Le 16 mai 2026, le Port autonome de Dakar a officiellement refermé le dossier du tanker « Mersin », un navire endommagé depuis novembre 2025 dans des circonstances encore non précisées. Selon le communiqué du PAD, les dégâts concernaient les œuvres vives, notamment la salle des machines, nécessitant des opérations d’investigation, d’obturation des brèches et de vidange. Ces travaux ont été menés avec l’appui de la Marine nationale, de la Haute Autorité chargée de la Coordination de la Sécurité maritime (HASSMAR) et de l’Agence nationale des Affaires maritimes (ANAM). Aucun dommage environnemental n’a été signalé, une performance saluée par les autorités.

Une gestion de crise longue mais maîtrisée

La durée de l’intervention – six mois – reflète la complexité technique et administrative du dossier. Le transbordement de la cargaison, la sécurisation du navire et son remorquage vers la Turquie ont nécessité une coordination inédite entre acteurs publics et privés. Pour le PAD, cet épisode constitue un « test grandeur nature » des capacités de réponse aux incidents maritimes. Il met en lumière les protocoles mis en place après la création de la HASSMAR, visant à centraliser la gestion des crises en mer.

Un enjeu de compétitivité régionale

L’incident du « Mersin » intervient dans un contexte de concurrence portuaire accrue en Afrique de l’Ouest. Le Port de Lomé, voisin, a traité plus de 30,6 millions de tonnes de marchandises en 2024 et se positionne comme un hub majeur.
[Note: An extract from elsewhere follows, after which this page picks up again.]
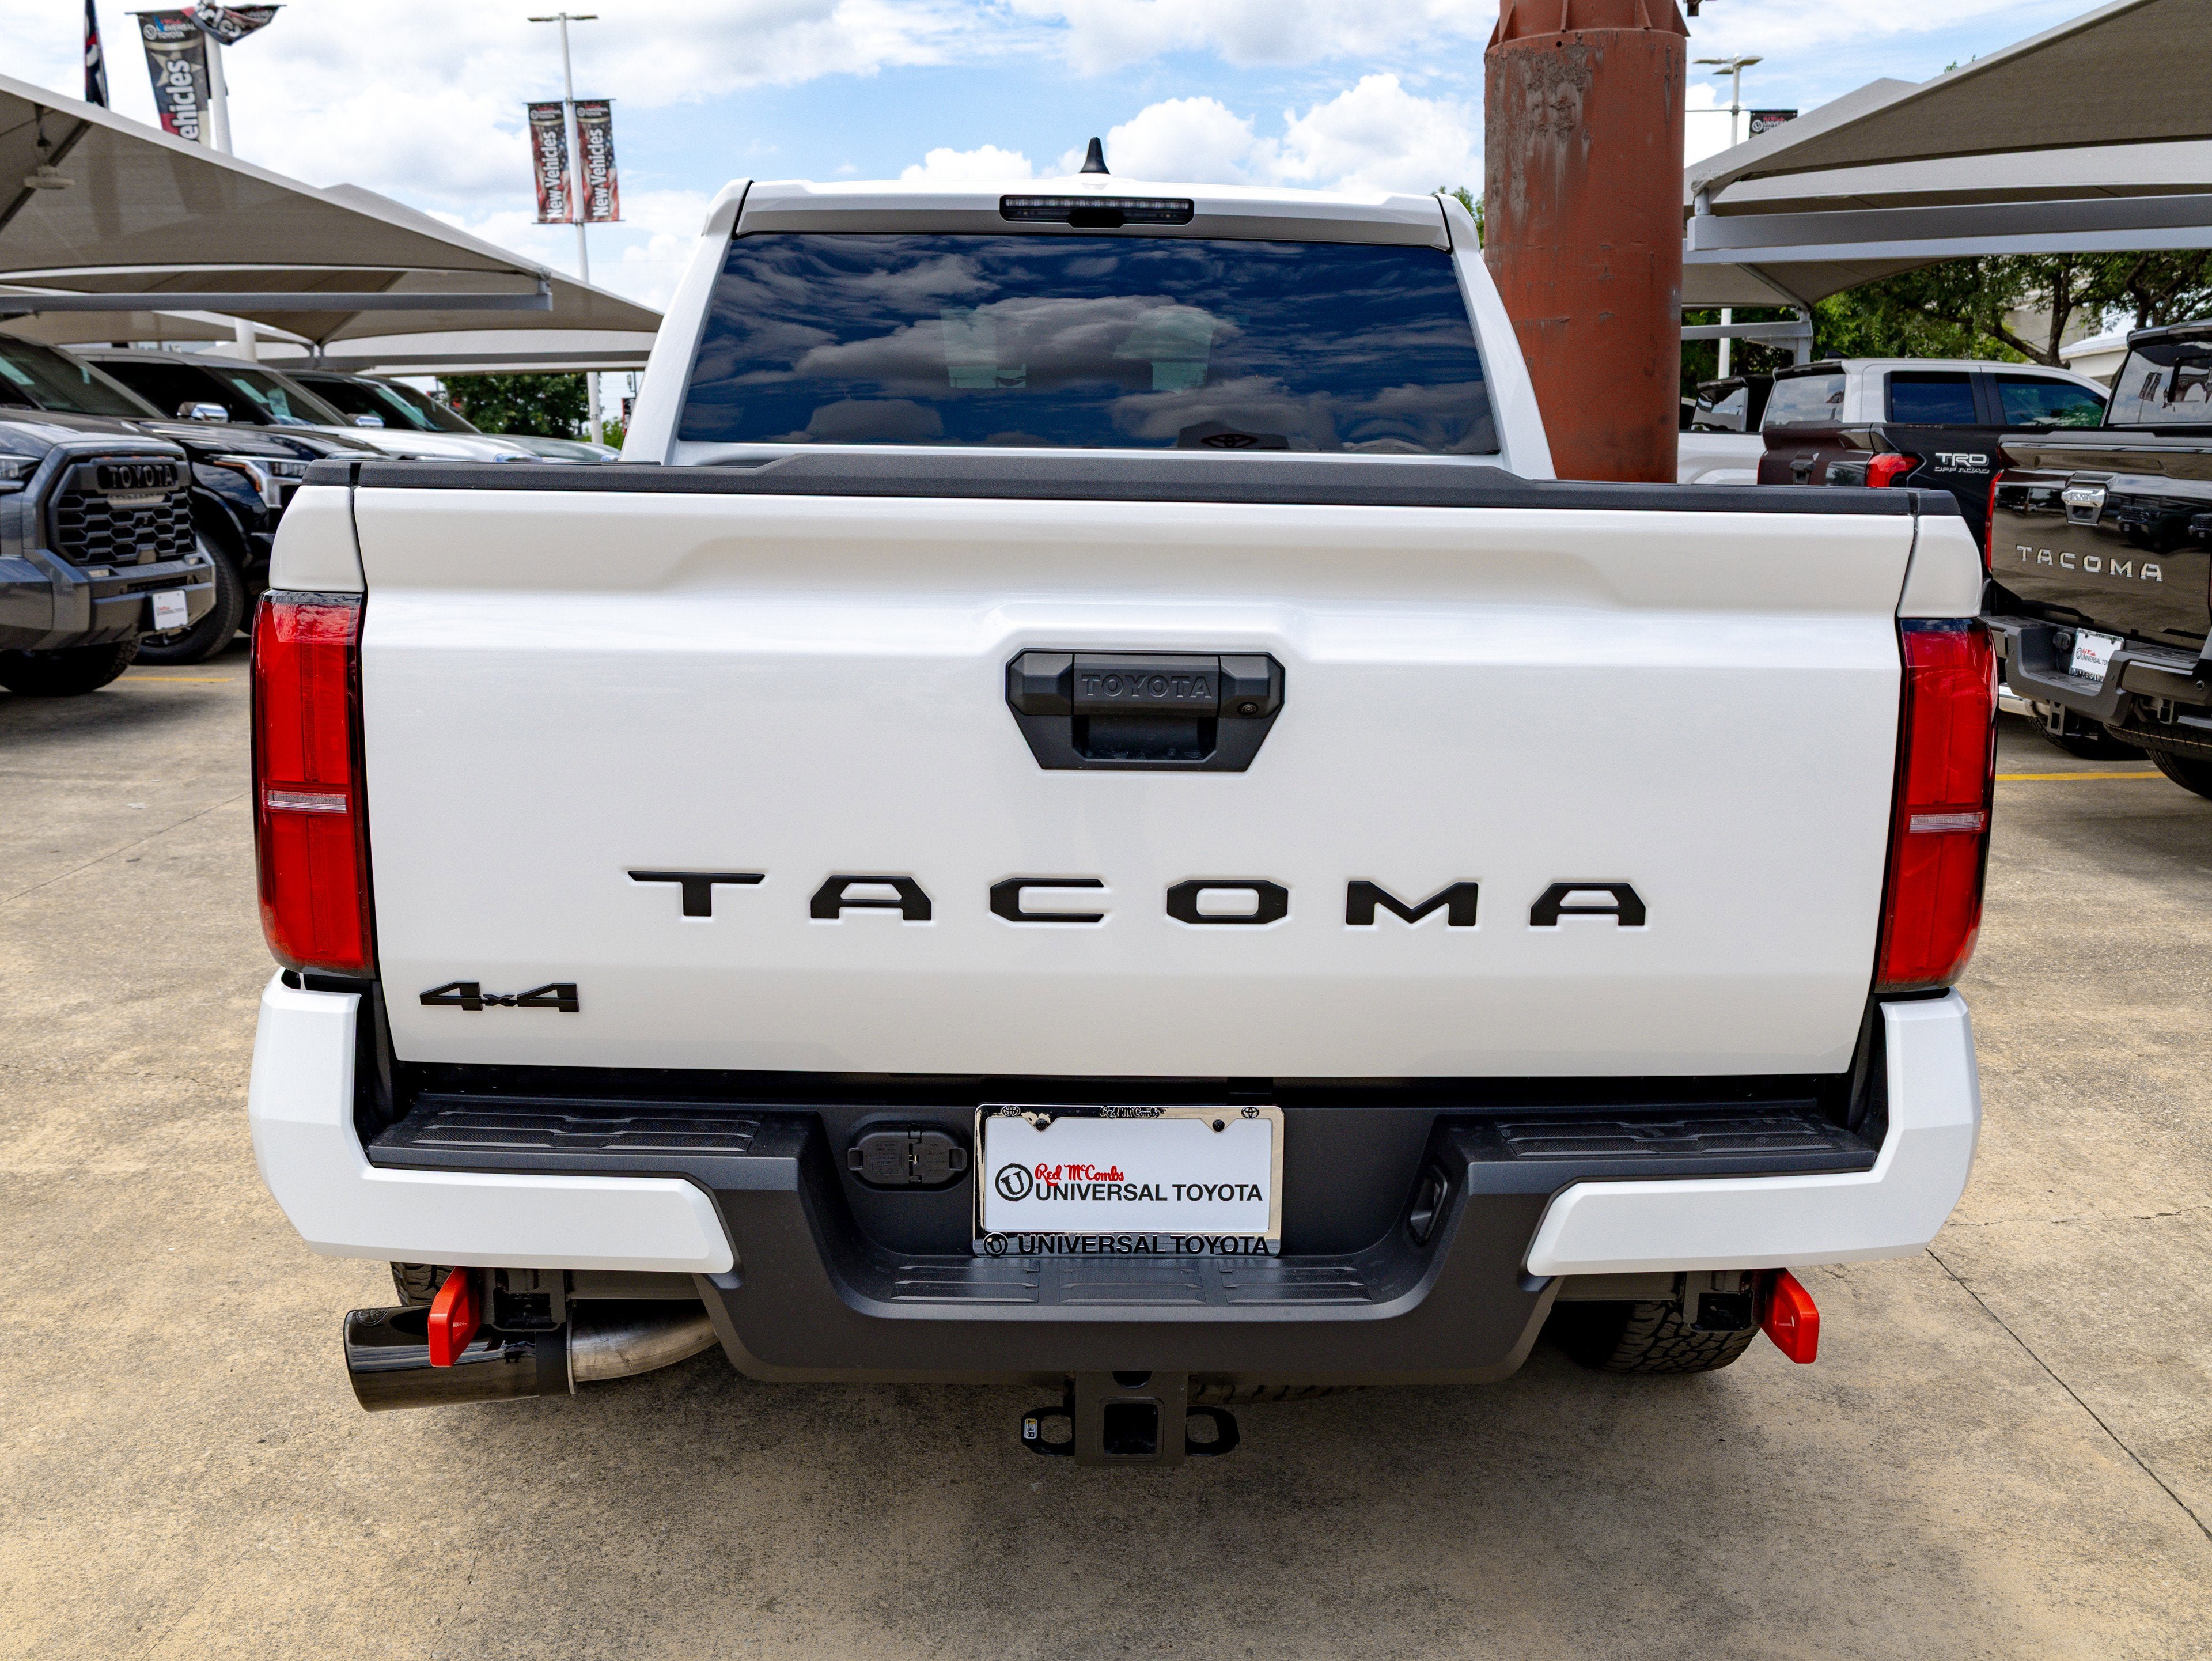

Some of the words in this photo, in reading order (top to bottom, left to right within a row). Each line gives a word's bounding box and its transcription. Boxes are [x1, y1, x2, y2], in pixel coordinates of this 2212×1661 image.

Abidjan, de son côté, engage des investissements massifs pour moderniser ses infrastructures. Dakar, qui ambitionne de rester une plaque tournante, doit démontrer sa fiabilité. La gestion de cet incident – sans pollution ni interruption majeure des activités – peut être lue comme un signal positif pour les armateurs et chargeurs.

Les limites de la résilience portuaire

Toutefois, cet épisode pose des questions plus larges. La durée de l’opération interroge sur la capacité des ports de la région à gérer des sinistres de grande ampleur sans perturber le trafic. Si le PAD a su mobiliser les ressources nécessaires, tous les ports ouest-africains ne disposent pas d’un cadre institutionnel aussi structuré. Par ailleurs, le risque environnemental – même écarté ici – rappelle la vulnérabilité des écosystèmes côtiers, comme en témoigne la dégradation de la mangrove de Khor au Sénégal, évoquée dans un autre article récent.

Vers une harmonisation des standards?

Cet incident pourrait inciter les autorités portuaires de la région à renforcer leurs dispositifs de sécurité. Des initiatives comme le projet de corridor maritime sécurisé de l’Union africaine gagnent en pertinence. En attendant, le PAD capitalise sur cette expérience pour améliorer ses procédures. La question reste ouverte de savoir si les autres hubs – Abidjan, Lomé, Tema – pourraient répondre avec la même efficacité à un sinistre similaire.

La résolution de l’incident du « Mersin » est un jalon positif pour Dakar, mais elle rappelle que la résilience portuaire ne se décrète pas. Dans une région où le trafic maritime croît rapidement, chaque incident est une épreuve de vérité pour les infrastructures et les institutions. La compétitivité des ports ouest-africains se jouera aussi sur leur capacité à prévenir et gérer les crises.